### YOUR INSTRUCTIONS
Each entry below must come back exactly as written, without its pictures.

### RECORDS SUPPLIED
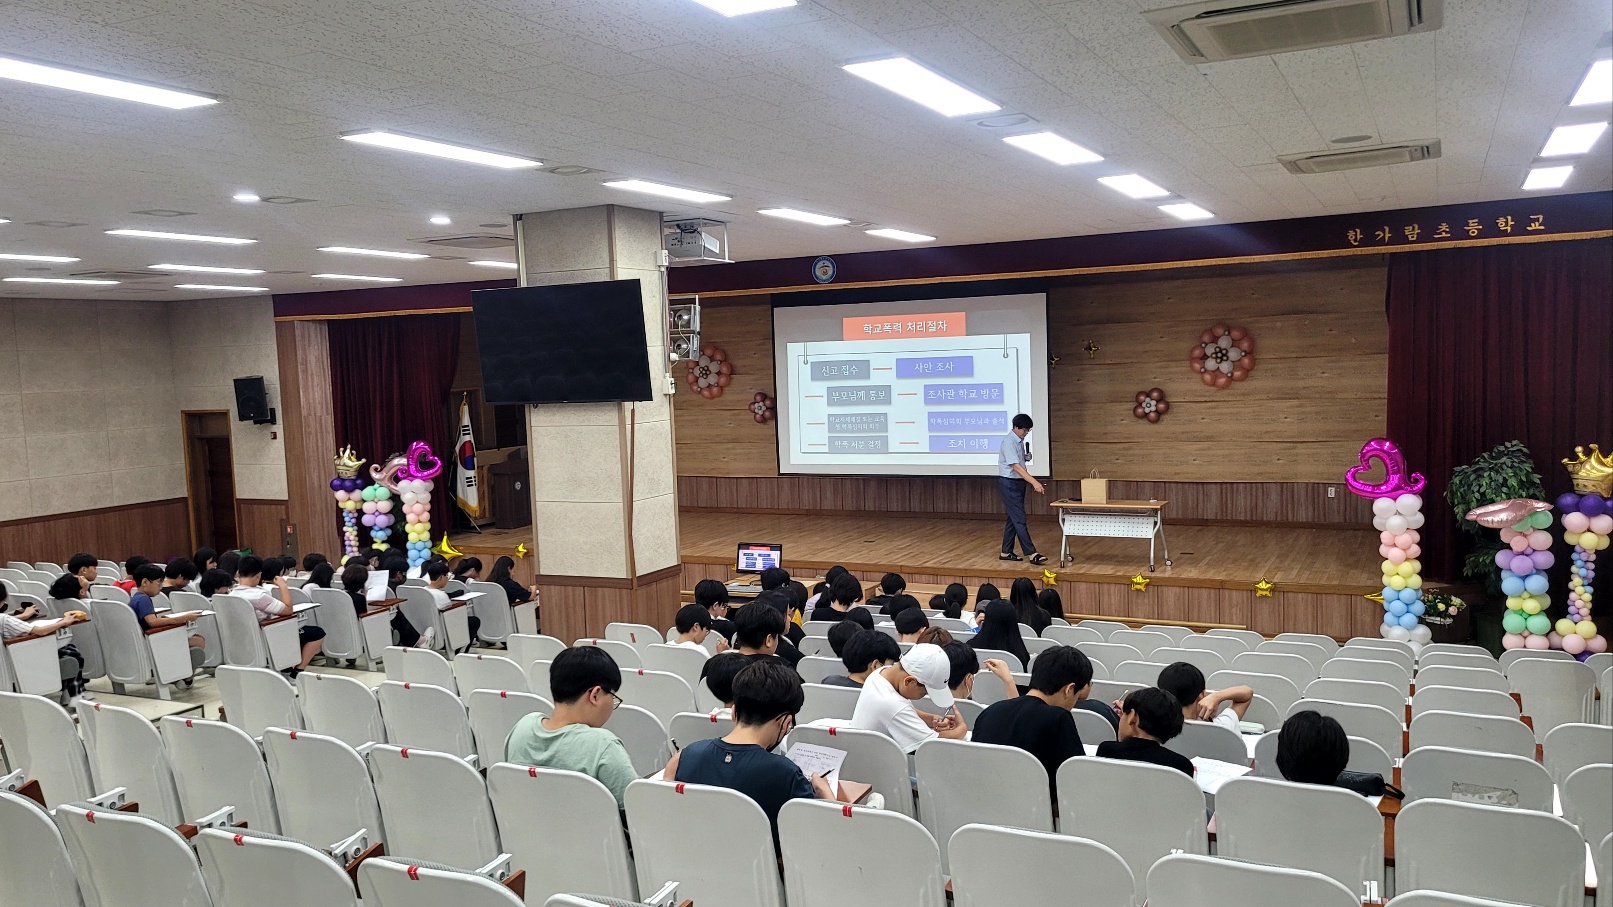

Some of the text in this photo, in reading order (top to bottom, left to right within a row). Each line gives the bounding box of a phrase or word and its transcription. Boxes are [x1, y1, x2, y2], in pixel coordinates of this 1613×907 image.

[1347, 214, 1545, 246] 한가람초등학교
[863, 320, 948, 335] 학교폭력 처리절차
[821, 364, 859, 377] 신고 접수
[914, 361, 954, 374] 사안 조사
[831, 390, 887, 402] 부모님께 통보
[927, 388, 1000, 400] 조사관 학교 방문
[834, 440, 881, 450] 학폭 처분 결정
[947, 438, 989, 450] 조치 이행
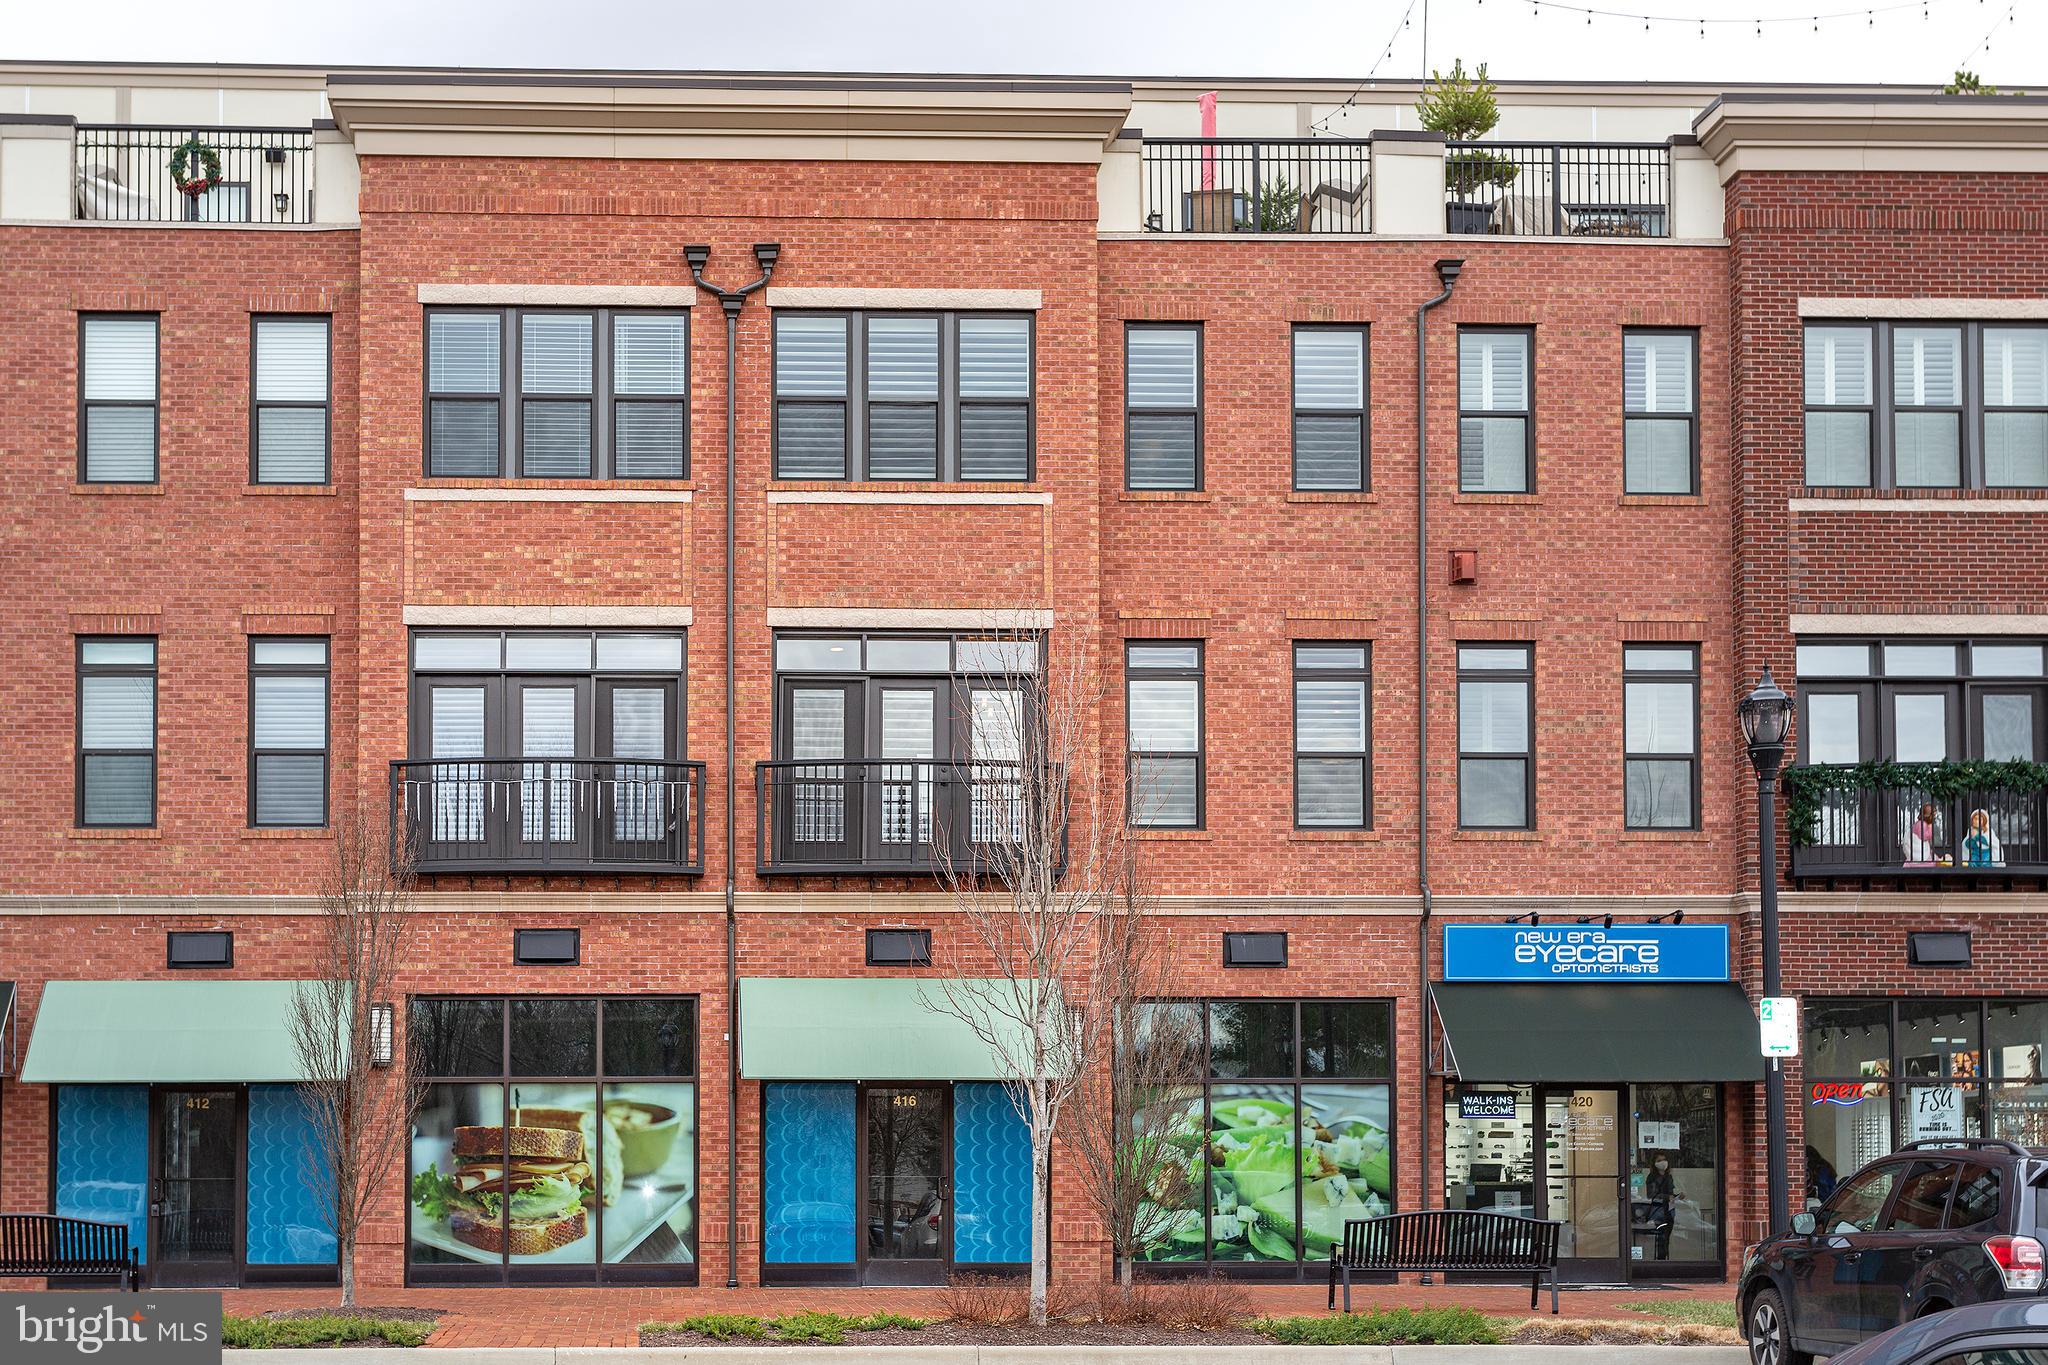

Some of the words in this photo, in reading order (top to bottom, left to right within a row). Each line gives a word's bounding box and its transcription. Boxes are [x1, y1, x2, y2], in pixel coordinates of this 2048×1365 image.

[1515, 931, 1561, 943] new
[1567, 931, 1606, 943] era
[1515, 944, 1659, 963] eyecare
[1551, 963, 1659, 973] OPTOMETRISTS
[1762, 1002, 1772, 1018] 2
[186, 1098, 210, 1109] 412
[893, 1095, 917, 1107] 416
[1462, 1096, 1514, 1105] WALK-INS
[1570, 1097, 1593, 1107] 420
[1919, 1087, 1954, 1113] FSA
[1463, 1106, 1515, 1115] WELCOME
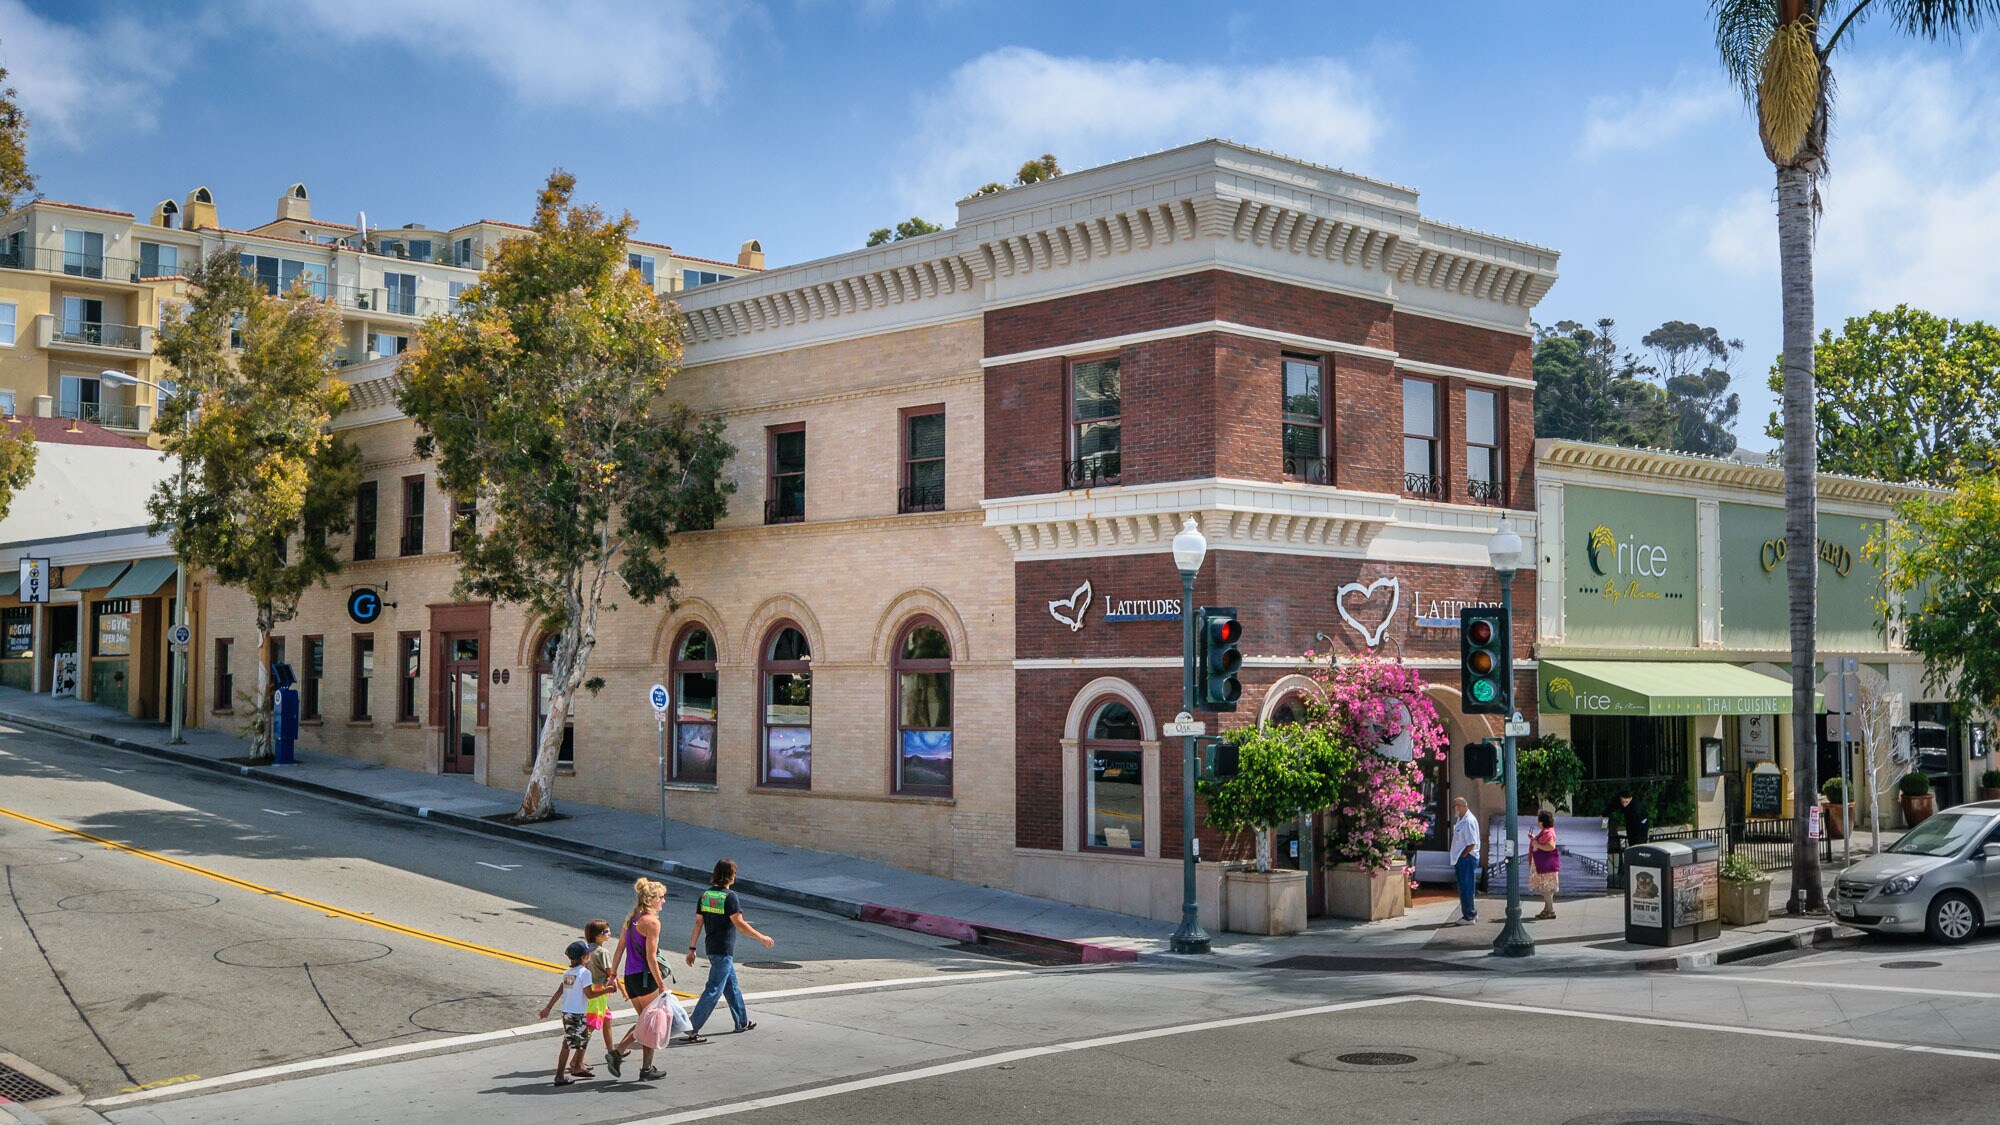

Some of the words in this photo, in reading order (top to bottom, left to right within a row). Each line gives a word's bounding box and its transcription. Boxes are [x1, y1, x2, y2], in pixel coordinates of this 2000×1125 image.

[1617, 533, 1668, 577] rice
[1761, 538, 1854, 577] COARD
[1601, 578, 1619, 605] By
[353, 594, 376, 618] G
[1104, 595, 1181, 616] LATITUDES
[1575, 691, 1611, 710] rice
[1706, 697, 1732, 712] THAI
[1737, 697, 1777, 712] CUISINE
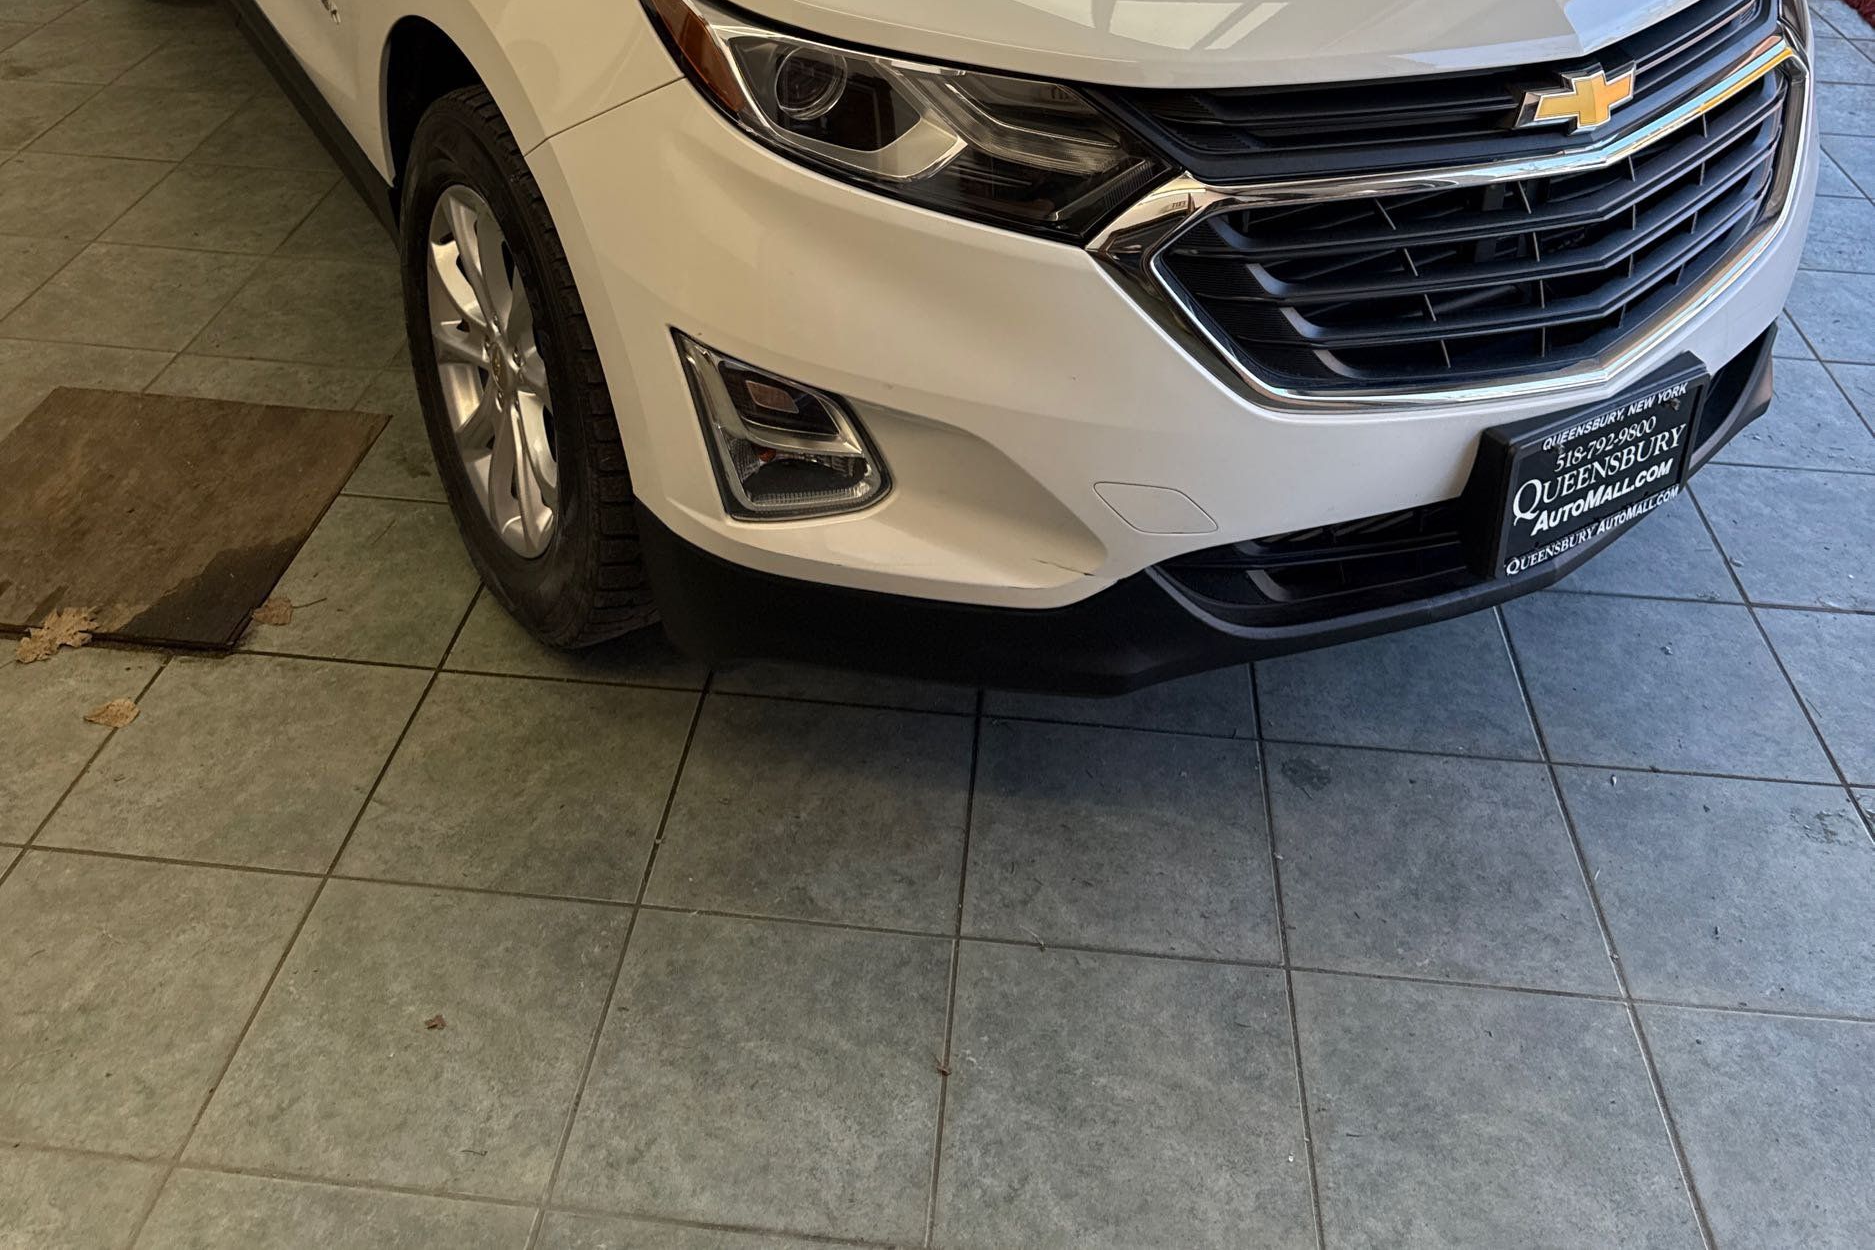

### SOLVED PROBLEM
Some of the text in this photo, in reading order (top to bottom, left to right within a row). Each line gives the bounding box of a phrase or word and its transcription. Boxes are [x1, y1, x2, y2], in pixel coordinates of this 1613×907 image.

[1347, 214, 1545, 246] 한가람초등학교
[863, 320, 948, 335] 학교폭력 처리절차
[821, 364, 859, 377] 신고 접수
[914, 361, 954, 374] 사안 조사
[831, 390, 887, 402] 부모님께 통보
[927, 388, 1000, 400] 조사관 학교 방문
[834, 440, 881, 450] 학폭 처분 결정
[947, 438, 989, 450] 조치 이행

Some of the words in this photo, in reading order (top to bottom, left to right within a row). Each line gives a word's bounding box and its transcription. Boxes are [x1, y1, x2, y2], in pixel coordinates of this 2048×1365 image.

[1515, 931, 1561, 943] new
[1567, 931, 1606, 943] era
[1515, 944, 1659, 963] eyecare
[1551, 963, 1659, 973] OPTOMETRISTS
[1762, 1002, 1772, 1018] 2
[186, 1098, 210, 1109] 412
[893, 1095, 917, 1107] 416
[1462, 1096, 1514, 1105] WALK-INS
[1570, 1097, 1593, 1107] 420
[1919, 1087, 1954, 1113] FSA
[1463, 1106, 1515, 1115] WELCOME

Some of the words in this photo, in reading order (top to bottom, left to right within a row). Each line gives a word's bounding box and its transcription. Boxes are [x1, y1, x2, y2], in pixel coordinates of this 2000×1125 image.

[1617, 533, 1668, 577] rice
[1761, 538, 1854, 577] COARD
[1601, 578, 1619, 605] By
[353, 594, 376, 618] G
[1104, 595, 1181, 616] LATITUDES
[1575, 691, 1611, 710] rice
[1706, 697, 1732, 712] THAI
[1737, 697, 1777, 712] CUISINE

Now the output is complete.